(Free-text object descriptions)
——

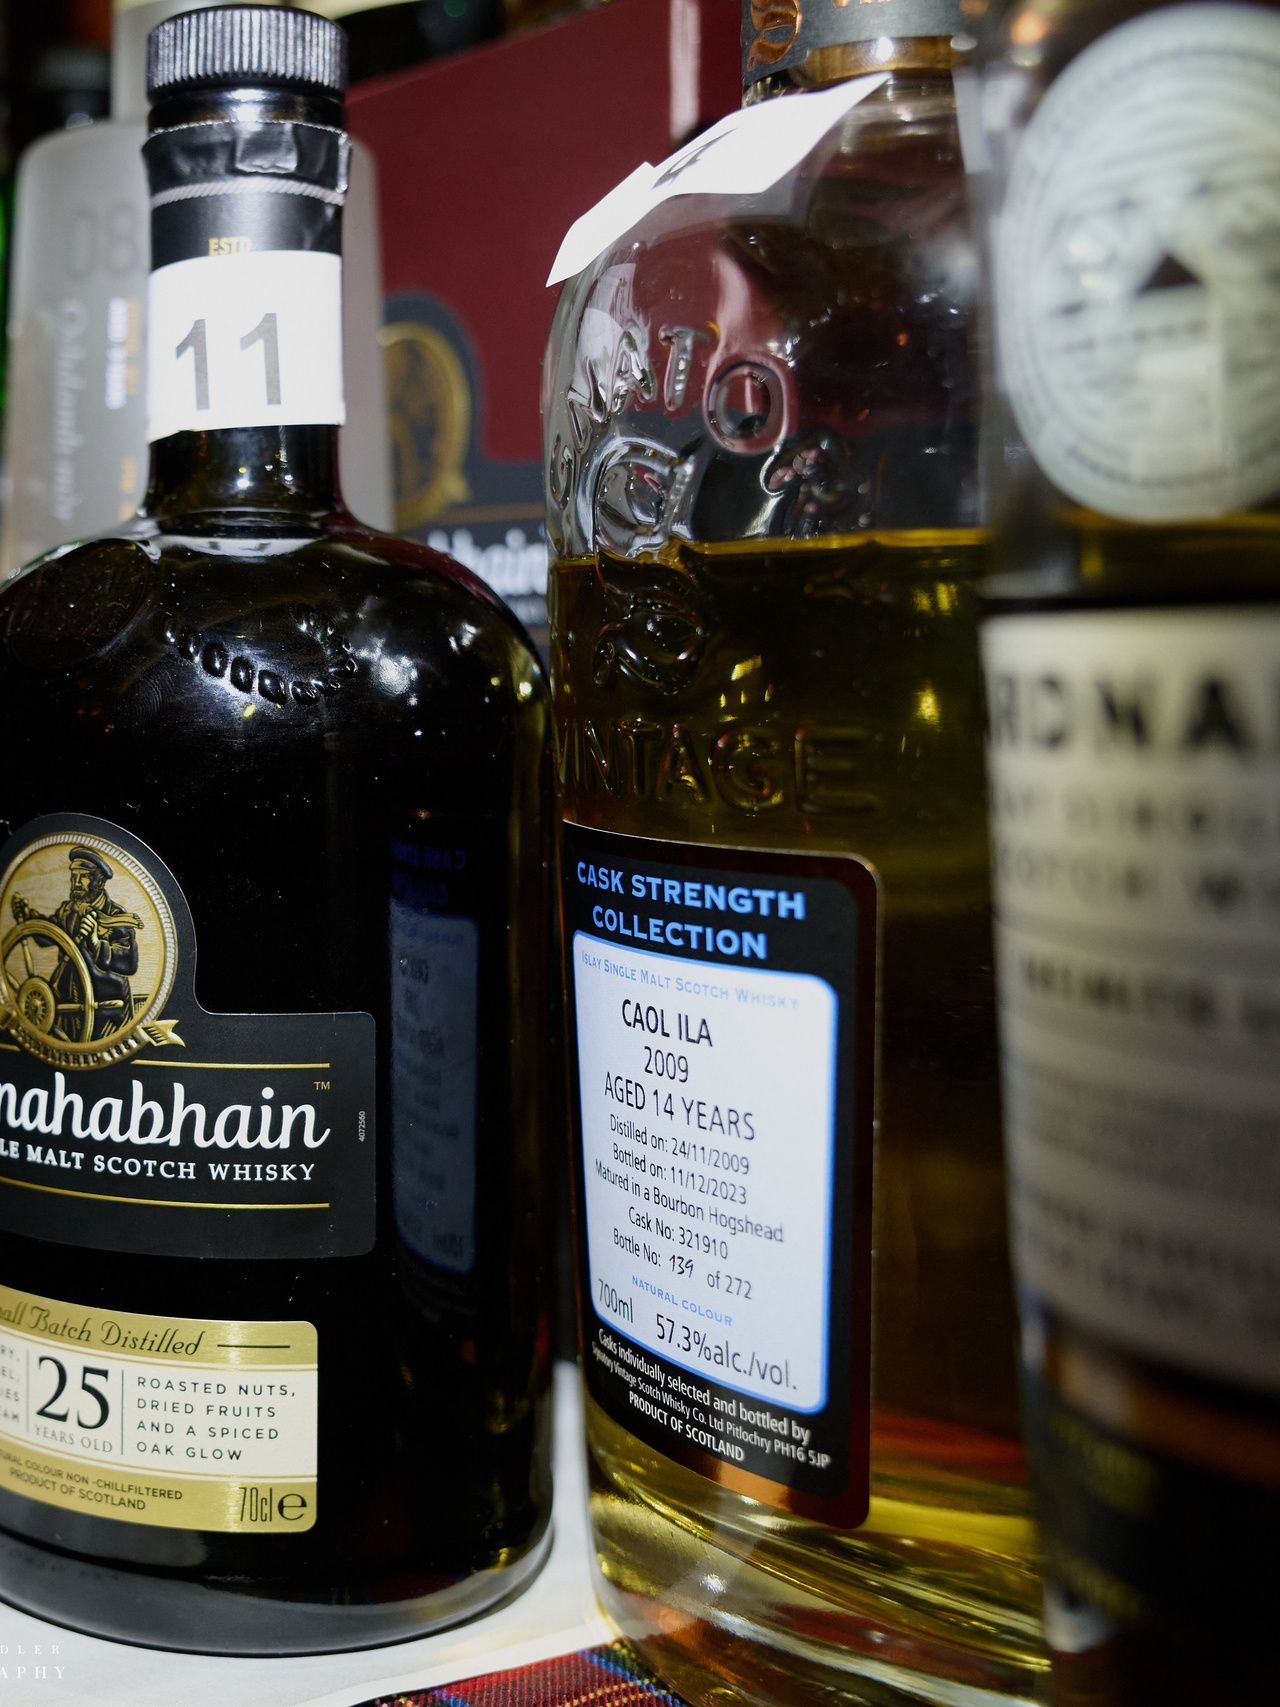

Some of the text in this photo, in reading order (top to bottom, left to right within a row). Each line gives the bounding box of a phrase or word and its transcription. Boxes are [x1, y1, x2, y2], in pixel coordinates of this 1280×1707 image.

[174, 312, 283, 411] 11
[577, 861, 806, 921] CASK STRENGTH
[592, 905, 768, 960] COLLECTION
[621, 998, 713, 1047] CAOL ILA
[644, 1046, 689, 1083] 2009
[604, 1072, 756, 1141] AGED 14 YEARS
[26, 1144, 85, 1171] MALT
[93, 1155, 196, 1180] SCOTCH
[210, 1163, 315, 1181] WHISKY
[610, 1114, 750, 1176] Distilled on: 24/11/2009
[613, 1143, 748, 1205] Bottled on: 11/12/2023
[595, 1158, 784, 1243] Matured in a Bourbon Hogshead
[628, 1206, 729, 1260] Cask No: 321910
[613, 1228, 753, 1300] Bottle No: 139 of 272
[598, 1278, 634, 1324] 700ml
[632, 1275, 733, 1326] NATURAL COLOUR
[30, 1306, 93, 1342] Batch
[101, 1320, 205, 1355] Distilled
[36, 1355, 111, 1430] 25
[138, 1376, 296, 1397] ROASTED NUTS,
[138, 1398, 276, 1418] DRIED FRUITS
[618, 1342, 666, 1388] individually
[667, 1376, 710, 1406] selected
[713, 1392, 736, 1416] and
[739, 1403, 788, 1436] bottled
[791, 1420, 811, 1446] by
[33, 1423, 113, 1453] YEARS OLD
[137, 1420, 279, 1440] AND A SPICED
[629, 1391, 745, 1462] PRODUCT OF SCOTLAND
[637, 1377, 661, 1401] Scotch
[661, 1391, 691, 1420] Whisky
[692, 1407, 707, 1425] Co.
[708, 1415, 724, 1432] Ltd
[726, 1422, 771, 1452] Pitlochry
[774, 1440, 804, 1462] PH16
[807, 1452, 832, 1470] 5JP
[24, 1459, 65, 1481] COLOUR
[66, 1471, 89, 1484] NON
[137, 1441, 243, 1461] OAK GLOW
[9, 1468, 146, 1511] PRODUCT OF SCOTLAND
[238, 1487, 273, 1522] 70cl

——

* _EXERCISE DETAILS_: Repeat the data verbatim, excluding all pictures.

* _RESPONSE TO THIS EXERCISE_:
Some of the text in this photo, in reading order (top to bottom, left to right within a row). Each line gives the bounding box of a phrase or word and its transcription. Boxes are [x1, y1, x2, y2], in pixel coordinates of this 1280×1707 image.

[174, 312, 283, 411] 11
[577, 861, 806, 921] CASK STRENGTH
[592, 905, 768, 960] COLLECTION
[621, 998, 713, 1047] CAOL ILA
[644, 1046, 689, 1083] 2009
[604, 1072, 756, 1141] AGED 14 YEARS
[26, 1144, 85, 1171] MALT
[93, 1155, 196, 1180] SCOTCH
[210, 1163, 315, 1181] WHISKY
[610, 1114, 750, 1176] Distilled on: 24/11/2009
[613, 1143, 748, 1205] Bottled on: 11/12/2023
[595, 1158, 784, 1243] Matured in a Bourbon Hogshead
[628, 1206, 729, 1260] Cask No: 321910
[613, 1228, 753, 1300] Bottle No: 139 of 272
[598, 1278, 634, 1324] 700ml
[632, 1275, 733, 1326] NATURAL COLOUR
[30, 1306, 93, 1342] Batch
[101, 1320, 205, 1355] Distilled
[36, 1355, 111, 1430] 25
[138, 1376, 296, 1397] ROASTED NUTS,
[138, 1398, 276, 1418] DRIED FRUITS
[618, 1342, 666, 1388] individually
[667, 1376, 710, 1406] selected
[713, 1392, 736, 1416] and
[739, 1403, 788, 1436] bottled
[791, 1420, 811, 1446] by
[33, 1423, 113, 1453] YEARS OLD
[137, 1420, 279, 1440] AND A SPICED
[629, 1391, 745, 1462] PRODUCT OF SCOTLAND
[637, 1377, 661, 1401] Scotch
[661, 1391, 691, 1420] Whisky
[692, 1407, 707, 1425] Co.
[708, 1415, 724, 1432] Ltd
[726, 1422, 771, 1452] Pitlochry
[774, 1440, 804, 1462] PH16
[807, 1452, 832, 1470] 5JP
[24, 1459, 65, 1481] COLOUR
[66, 1471, 89, 1484] NON
[137, 1441, 243, 1461] OAK GLOW
[9, 1468, 146, 1511] PRODUCT OF SCOTLAND
[238, 1487, 273, 1522] 70cl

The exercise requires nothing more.